January 1, 2008 | American Society of Registered Nurses®
Nursing Today

Forensic Nursing

With the continuing popularity of crime television shows, and the increasingly volatile nature of society, it isn’t surprising that forensic nursing is here to stay. 

Though forensic nursing has been around in infant form since the 1970’s, it didn’t really begin coming unique nursing discipline until the 1990’s.  The International Association of Forensic Nurses (IAFN), the first professional organization for the field was established during this time.

Forensic nursing now comprises many specialty areas including: forensic clinical nurse specialists, forensic nurse investigators, nurse coroner/death investigators, sexual assault nurse examiners (SANEs), legal nurse consultants, forensic gerontology specialists, forensic psychiatric nurses and correctional nursing specialists.  Most of these forensic nurses don’t spend their days identifying corpses and investigating crime scenes.  They are more likely to be working with the living.  The most common place to find a forensic nurse is in the emergency room.  Just as in the beginning, working with sexual assault victims is the most common specialization among forensic nurses.  It takes a special kind of nurse to work with rape and sexual abuse victims, gathering evidence and training other nurses to treat these fragile patients.  This area is generally considered the entry point into forensic nursing.

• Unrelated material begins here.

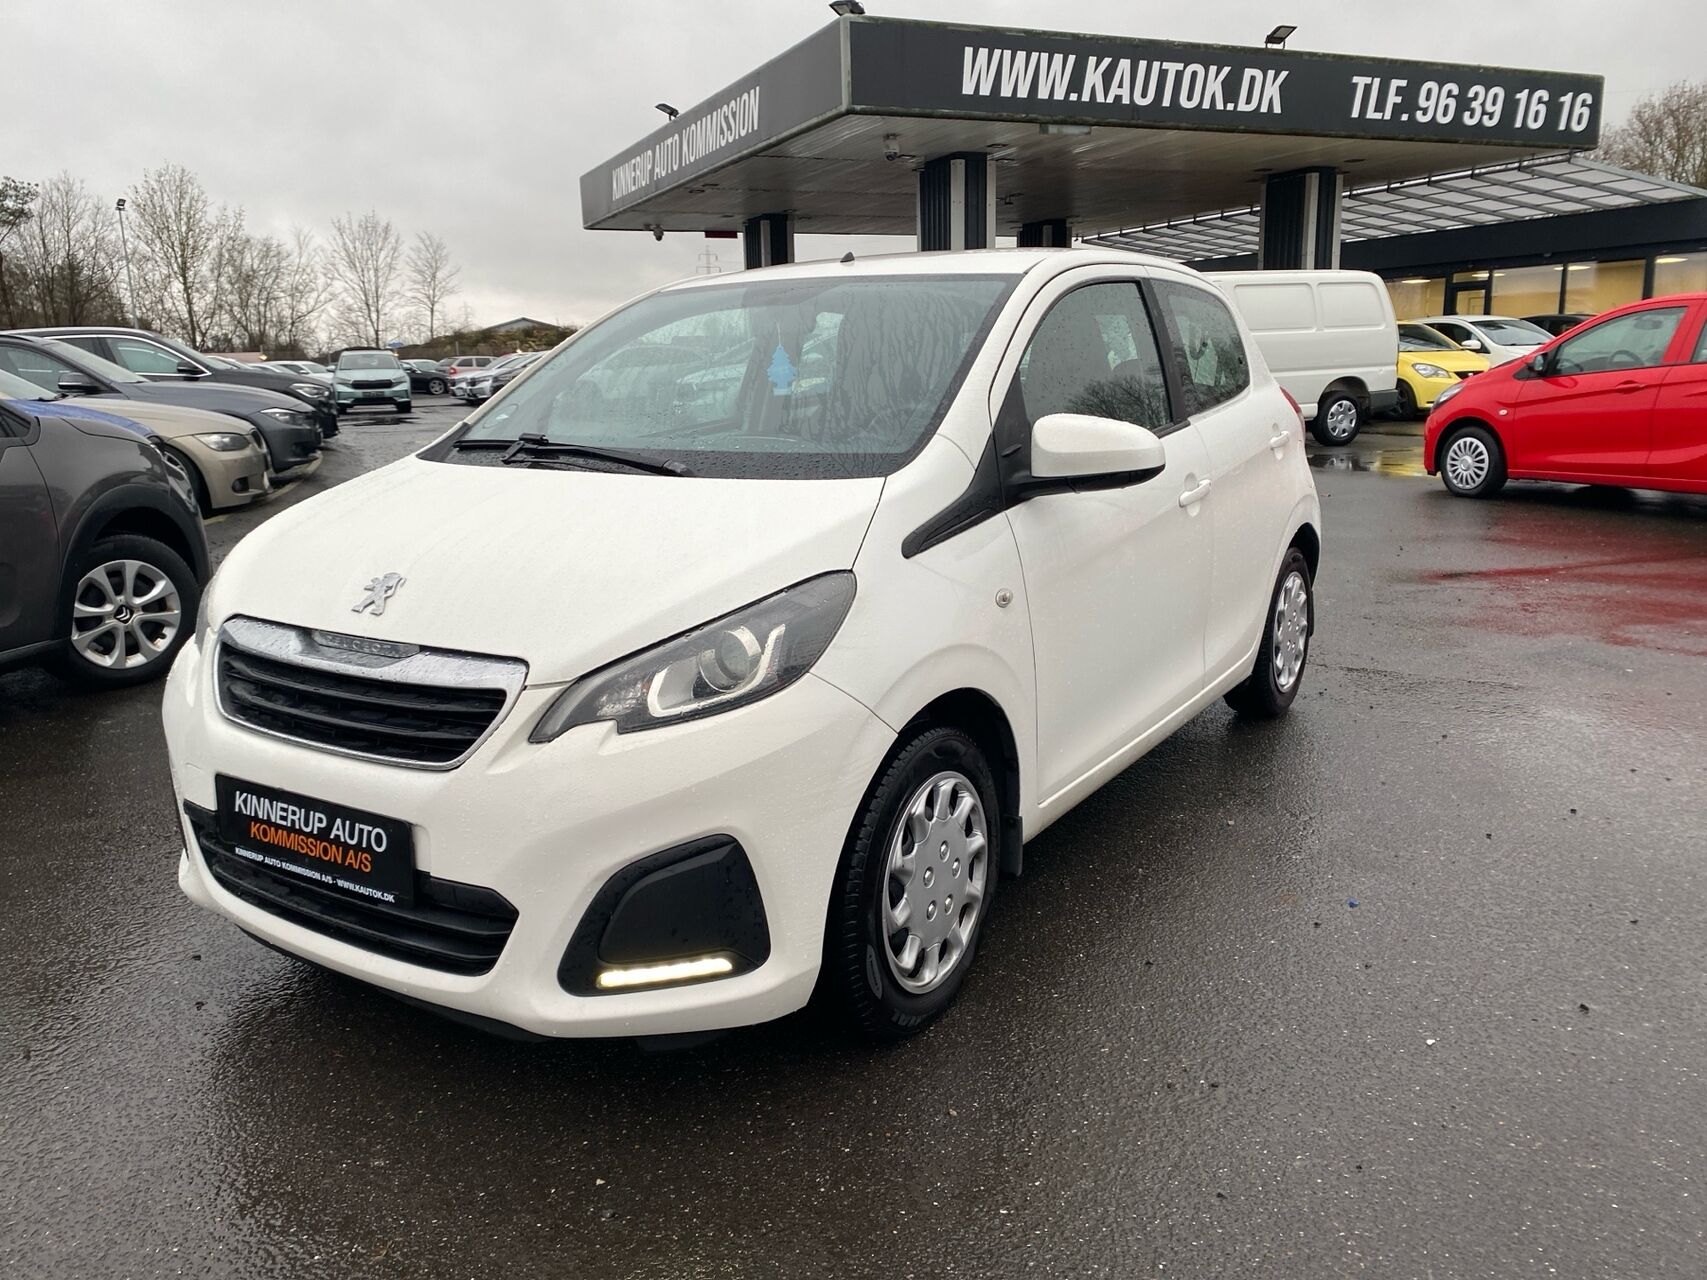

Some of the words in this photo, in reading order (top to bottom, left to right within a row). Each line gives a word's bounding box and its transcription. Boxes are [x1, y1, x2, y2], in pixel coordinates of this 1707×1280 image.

Forensic nurses also gather information about morbidity and mortality from many different sources.  They can be found taking care of domestic violence patients, investigating and counseling in child and elder abuse, working in emergency trauma, correctional facilities, counseling school children or serving as legal consultants.  It’s a whole new way of looking at nursing that focuses on many legal aspects.  For instance, a natural course of action when a trauma victim arrives in the ER would be to cleanse their wounds to be able to see the extent of the trauma underneath and prevent as much infection and contamination as possible.  A forensic nurse would have you understand that what you just washed away was evidence: clues to a bigger story than just the injury alone can tell.  Forensic nurses are specially trained to collect these pieces of evidence as well as deal with the individual on a personal level.  In fact, many foresee a time when a forensic nurse will need to be employed by every major hospital in the United States.  As crime continues to go up, the unfortunate result is an increased need for those in all fields who know how to deal with these types of situations.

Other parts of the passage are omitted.